You work on a huge project. You already have a tendency to hyperfocus, but when the project is this big and the deadline is so close, that tendency kicks into high-gear. Everything else goes by the wayside. Nothing in the world exists but the project. You may forget to eat. When you do eat it isn’t healthy. If you’re lucky, your family understands because they know this pattern by now.
The most amazing thing is the mind chatter disappears. Mind chatter? Yes. You know, internal distractions. The mind is never quiet. One worry pops in just as soon as you push another aside. You’re constantly spinning on one thought or another. Meditation never seems to work. Relax, you say? Hah! Right…
“Mind chatter is the result of a lack of distraction for the ADHD brain.” (Driven to Distraction, Dr. Edward M. Hallowell and Dr. John J. Ratey)
I can’t speak for everyone. We all have our own techniques for handling our distractions so we can get the job done. I wouldn’t get a thing done without the whiteboard in my office. I see it every day along with the deadlines. I outline each project into small parts, giving each part a deadline. I cross off my deadlines as I meet them so I can see my accomplishments. The downside to this process is it encourages me to hyperfocus. The upside is I stay on track.
I’ve also noticed I experience a huge adrenalin rush when I hit the point where I’m hyperfocused on that project. Yes, I’m stressed about hitting my deadline but towards the end when I finally know things are coming together and it’s going to work – the relief just washes over me. I feel glorious! I want to shout to everyone, “Look at what I’ve done! Look at what I accomplished!!” I’m on top of the world.

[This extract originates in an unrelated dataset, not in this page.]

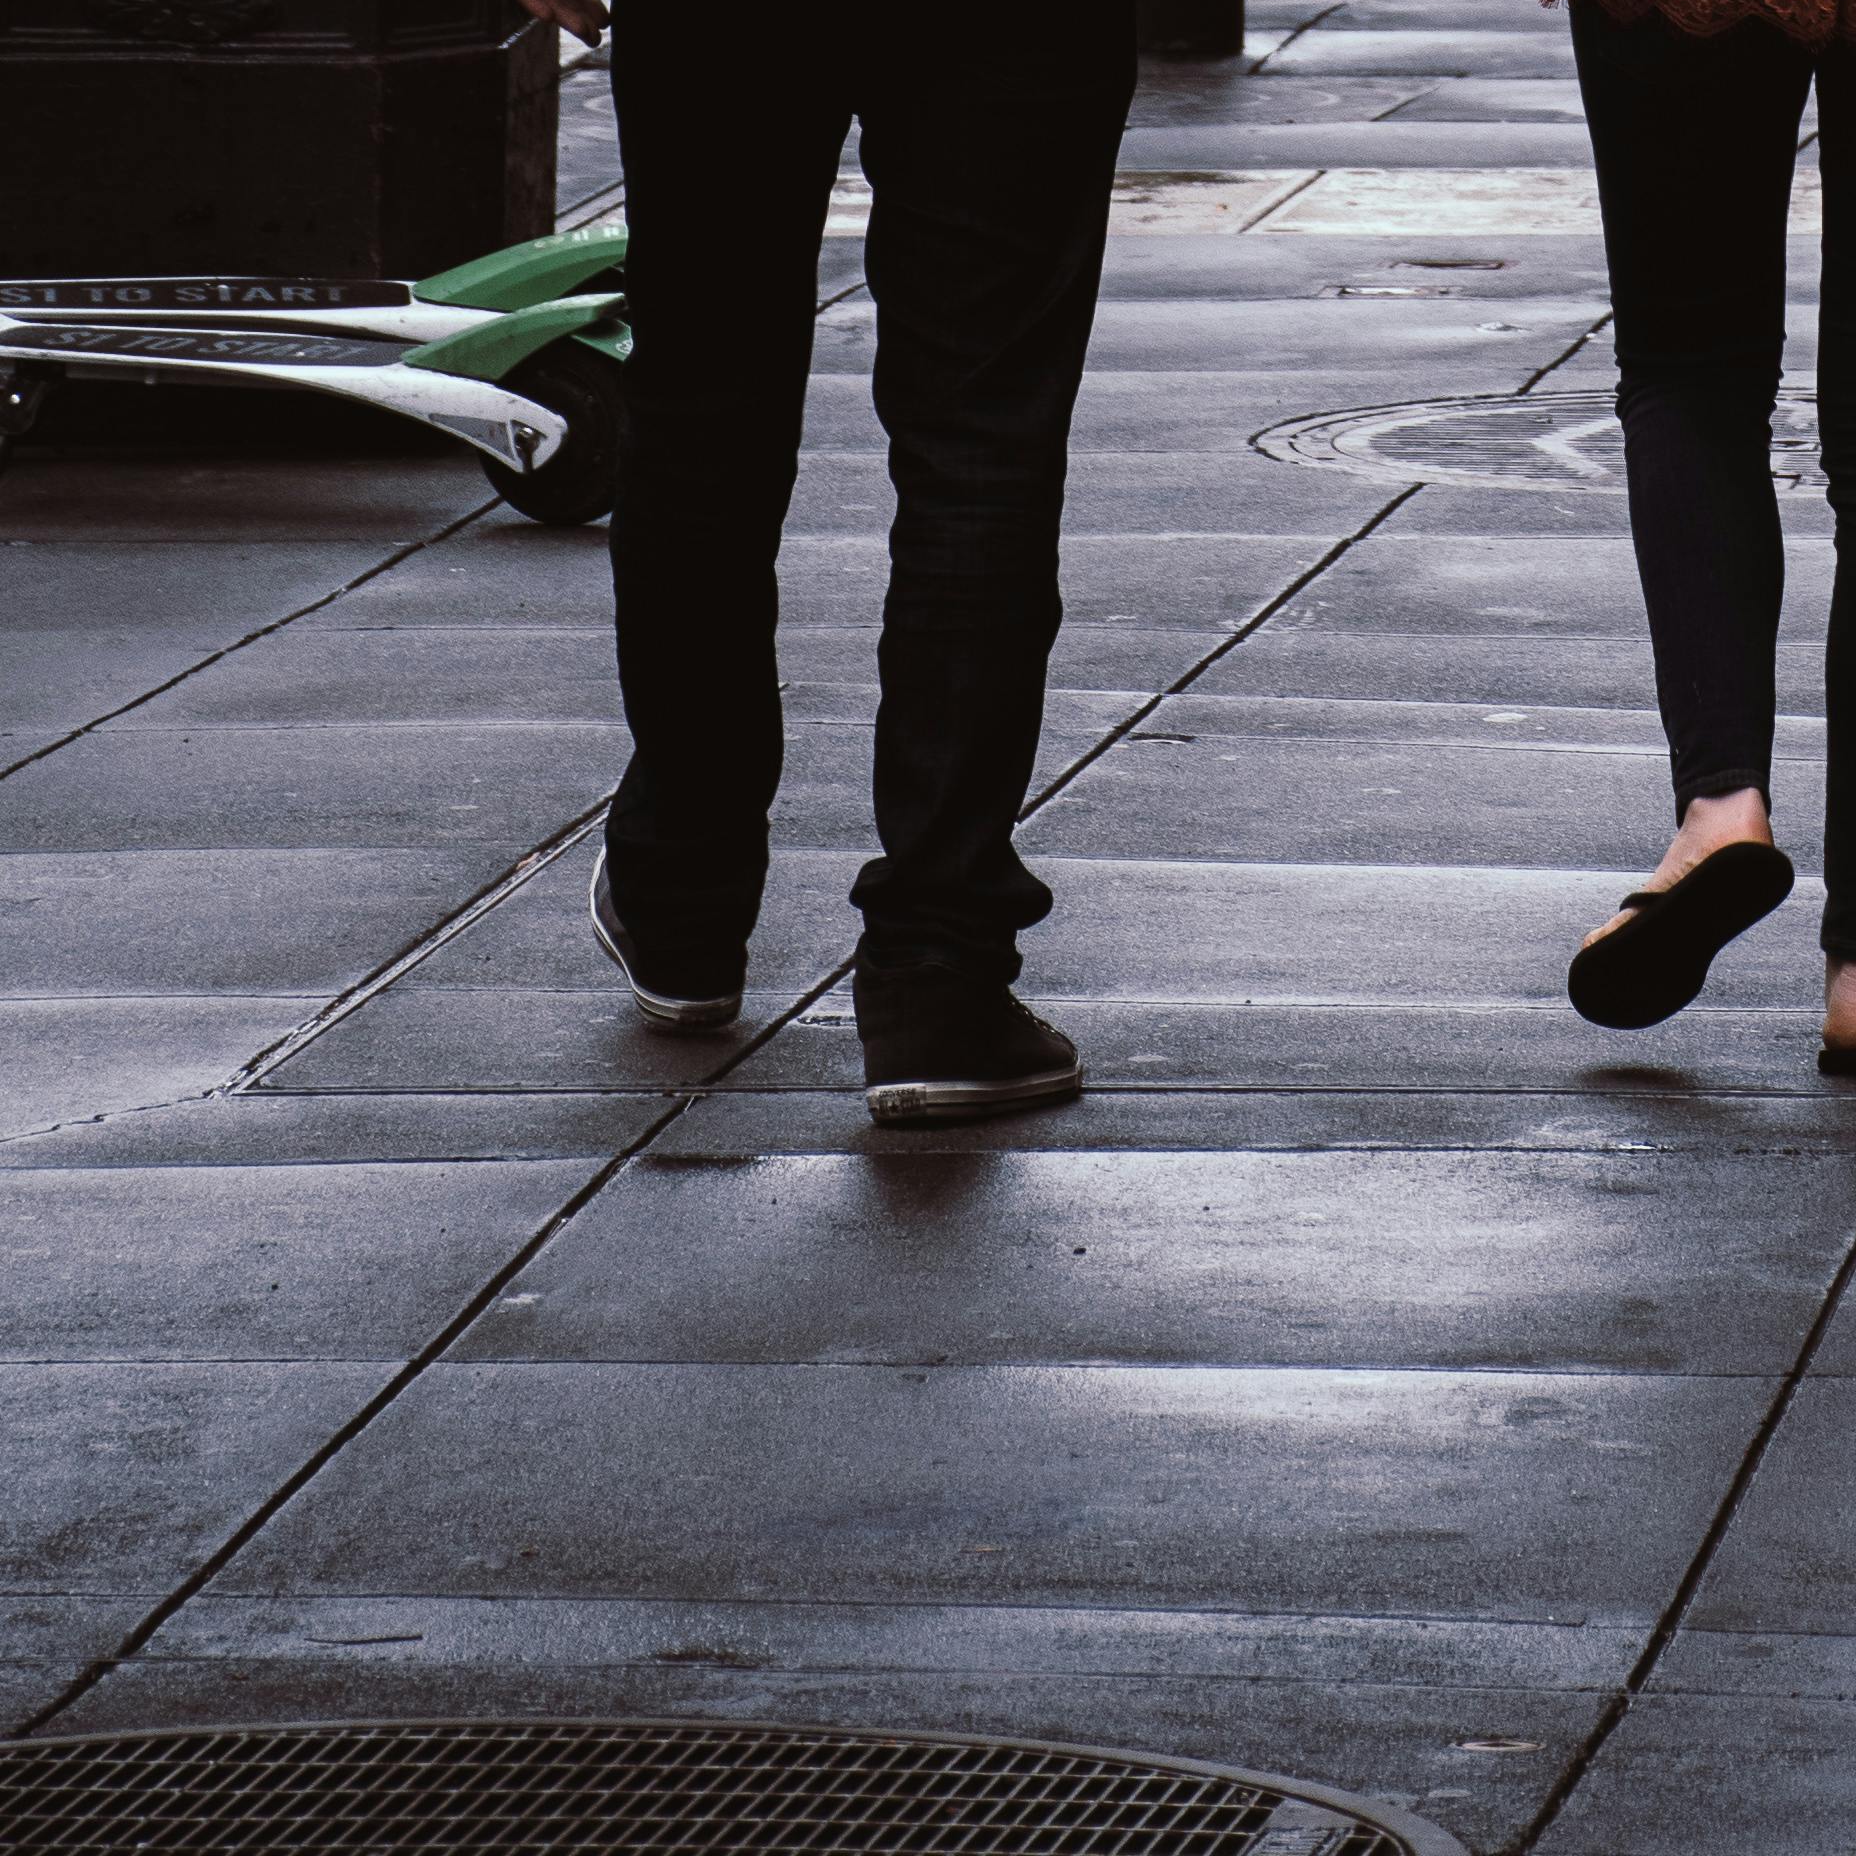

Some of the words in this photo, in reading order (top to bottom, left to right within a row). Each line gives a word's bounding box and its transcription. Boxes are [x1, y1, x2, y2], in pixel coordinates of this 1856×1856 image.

The project comes to a close and I’m riding on that emotional high. It lasts for about a day.
As I’m enjoying the well-deserved downtime, the mind chatter begins. I’m not hyperfocused anymore. I don’t have anything to “spin” on, so I spin on myself. To the person who doesn’t understand the ADHD brain it would seem I’m scanning the horizon finding something to worry about. I don’t mean to; my mind is just wandering. Most of the time I snap out of it wondering how I got there in the first place; but by the time I find myself “there”, I’m an emotional wreck over whatever I’ve found on the horizon.

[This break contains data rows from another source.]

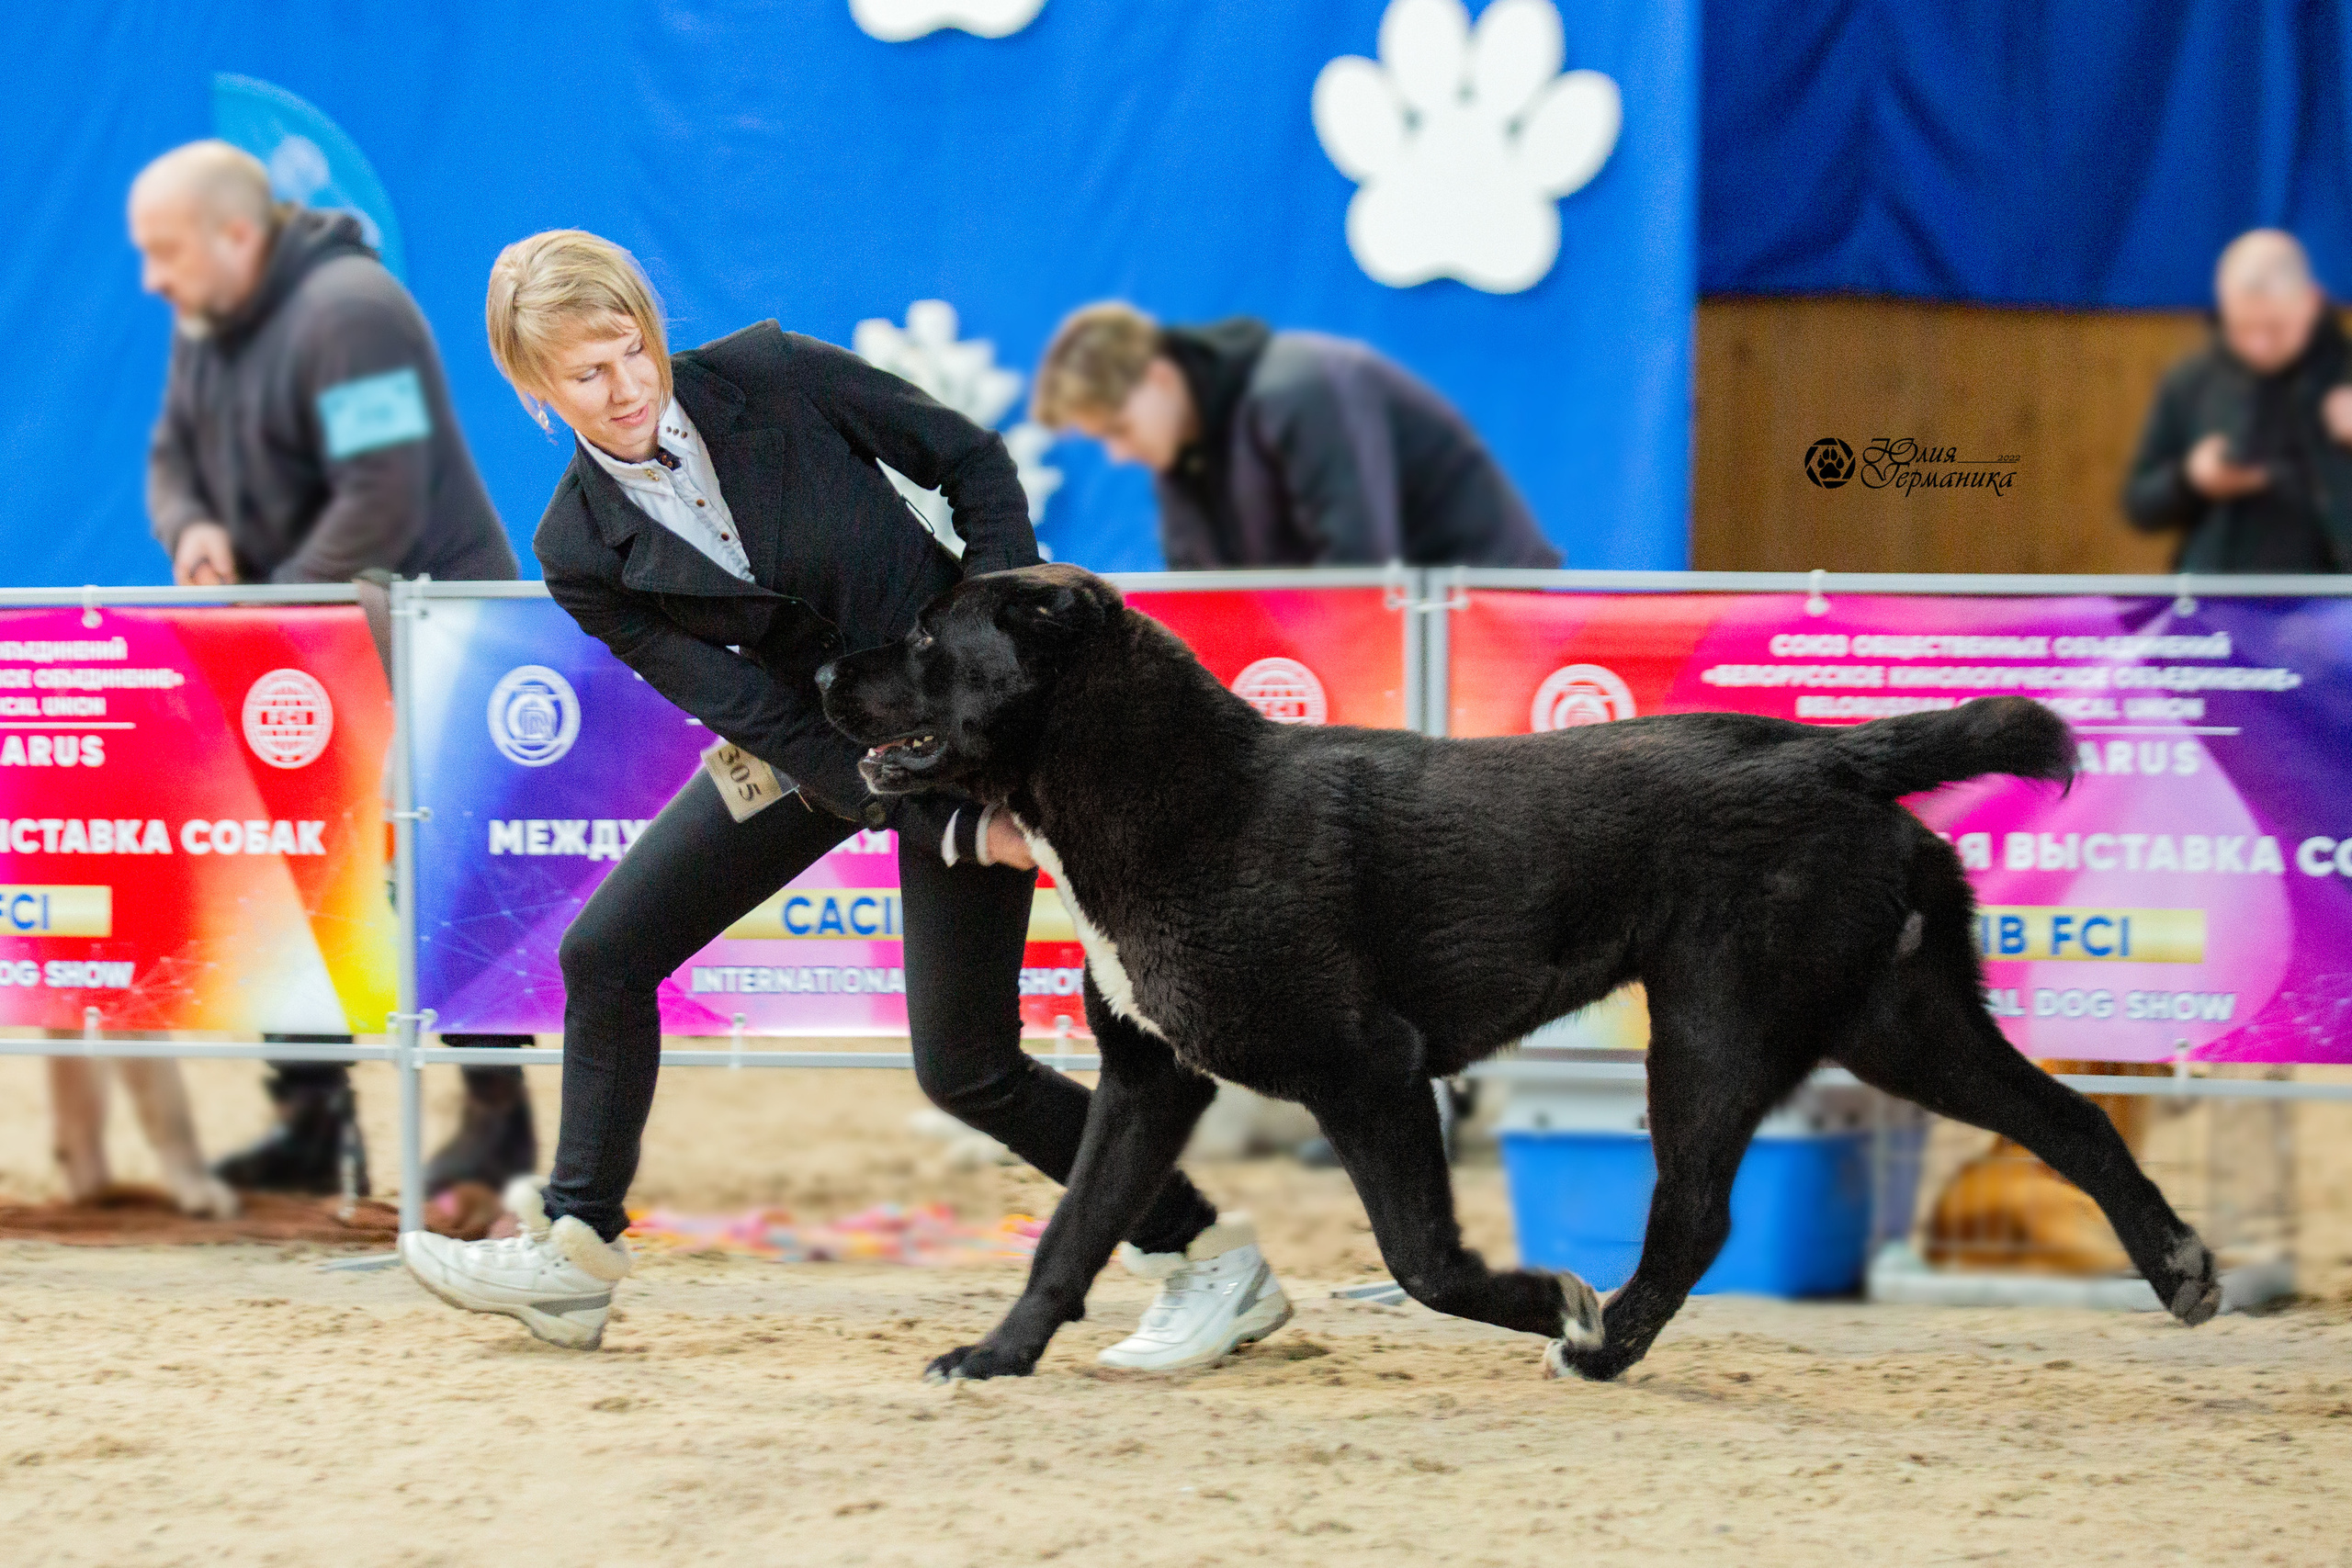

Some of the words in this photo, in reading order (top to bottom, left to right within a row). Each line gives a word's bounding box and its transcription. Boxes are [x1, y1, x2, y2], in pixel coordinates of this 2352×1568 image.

[0, 735, 106, 767] ARUS
[2075, 740, 2201, 775] ARUS
[718, 748, 762, 802] 305
[180, 819, 326, 854] СОБАК
[488, 818, 654, 861] МЕЖДУ
[2004, 832, 2285, 874] ВЫСТАВКА
[2297, 836, 2352, 877] СО
[782, 897, 903, 936] CACI
[2050, 916, 2132, 956] FCI
[44, 960, 135, 988] SHOW
[692, 965, 907, 994] INTERNATIONA
[2033, 988, 2114, 1019] DOG
[2125, 991, 2236, 1022] SHOW

These are the highs and lows of working on a project. I used to think it was just me but in my search for more information on “post-project let down” and “post-project depression” I found others experiencing this same issue. People are posting in forums and blogs, both ADHD and Project Management, about this same pattern. Yet I get no hits in the medical field… nothing confirming why. We’re all just speculating. This truly surprises me. Surely there is more information out there and I’m just missing it.

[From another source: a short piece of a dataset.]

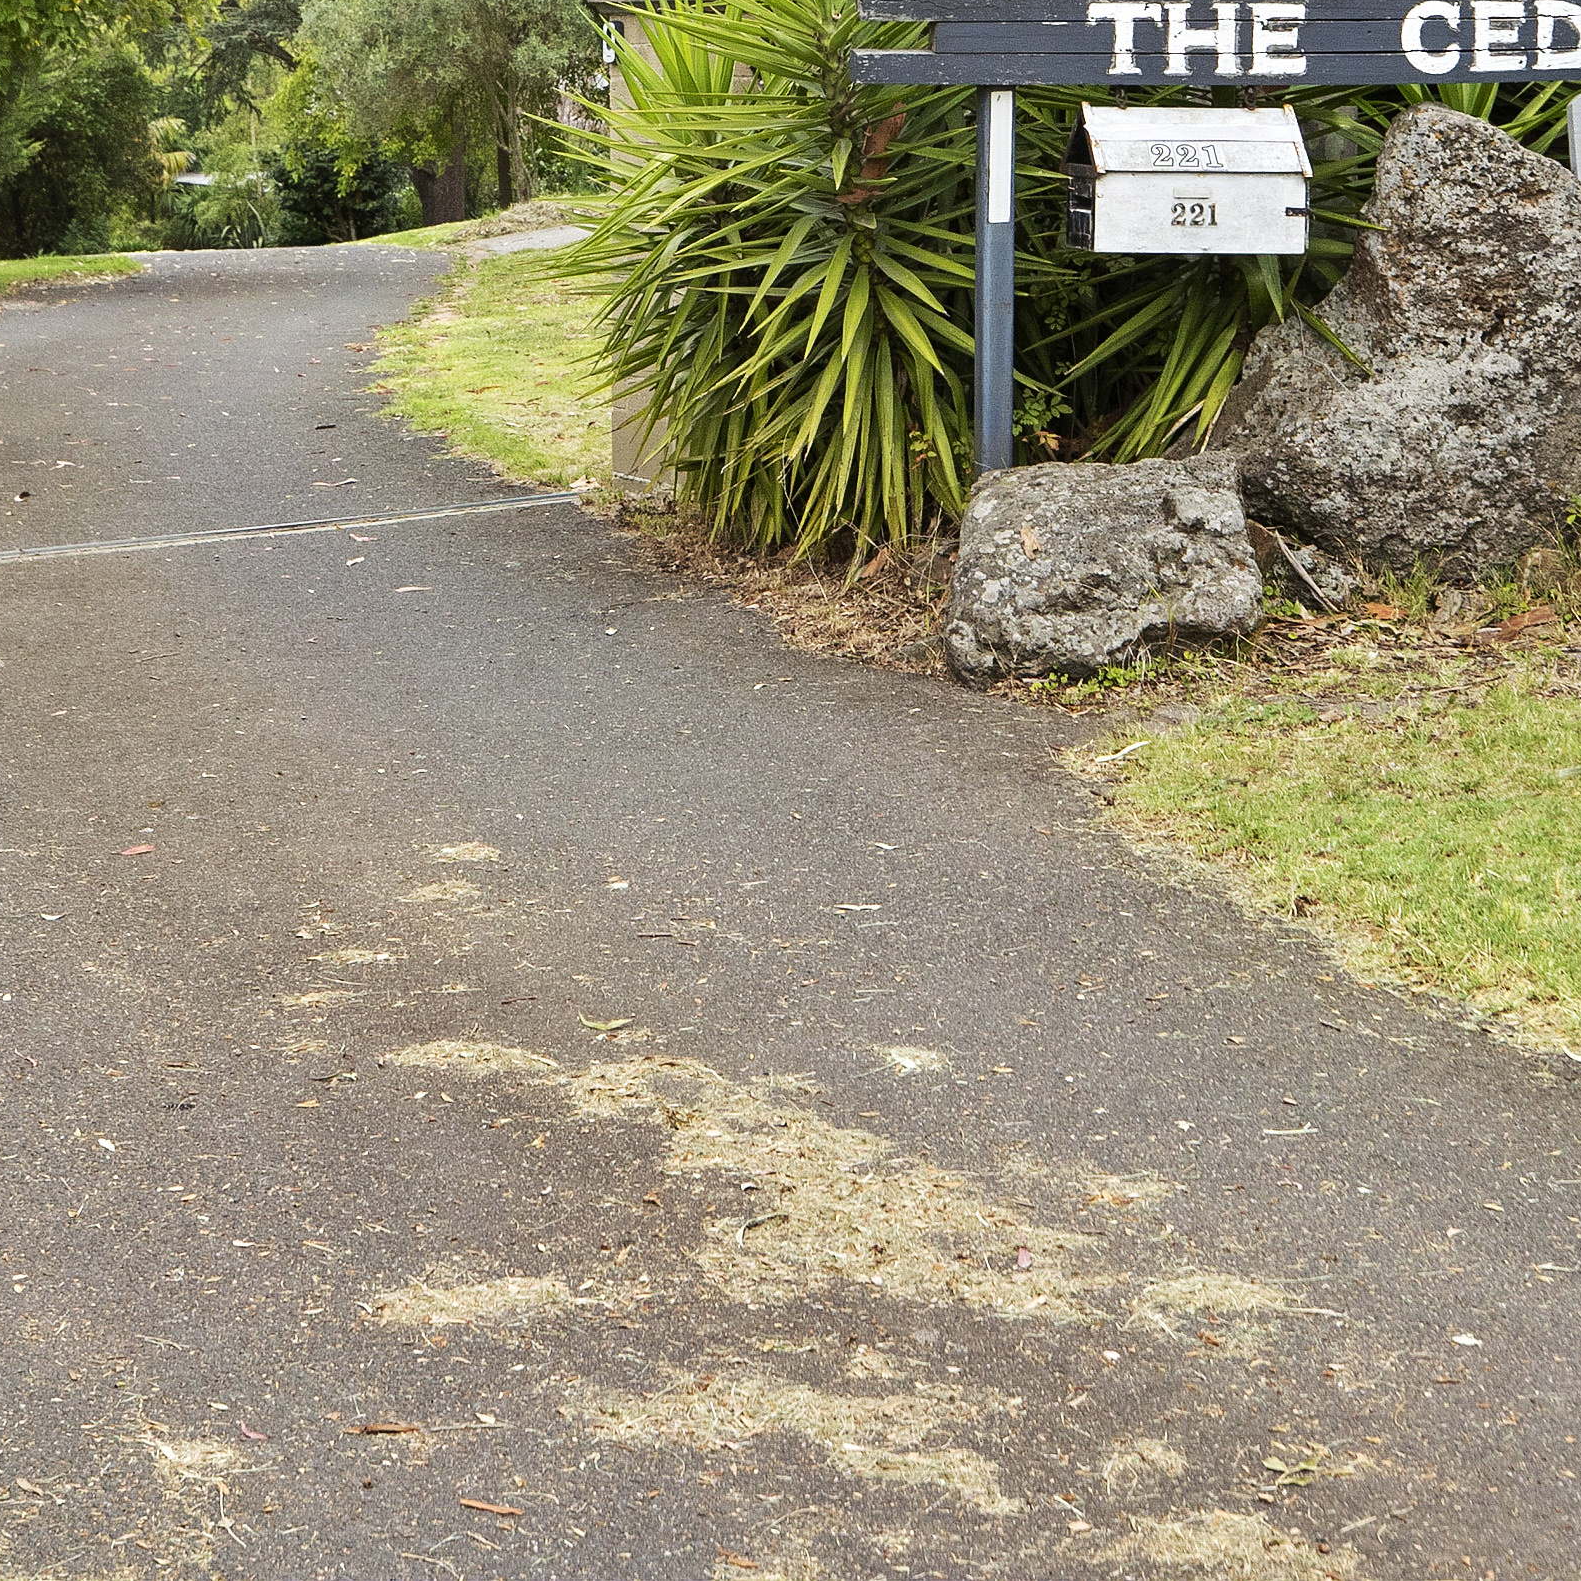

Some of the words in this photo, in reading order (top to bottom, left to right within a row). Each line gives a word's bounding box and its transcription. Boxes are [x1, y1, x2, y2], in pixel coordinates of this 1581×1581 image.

My search was not for a solution. It was more for personal validation that I wasn’t alone. I needed to know if others had this problem or if I was just … crazy. I already have a solution. I’ll stick with my pattern of planning out my projects; I just need to adjust for the project close. I have a great method for planning out my deadlines until the project ends. I just need to make sure I have something lined up for when it’s over. Downtime? We all need it, but I suppose I need to start planning something for that, too.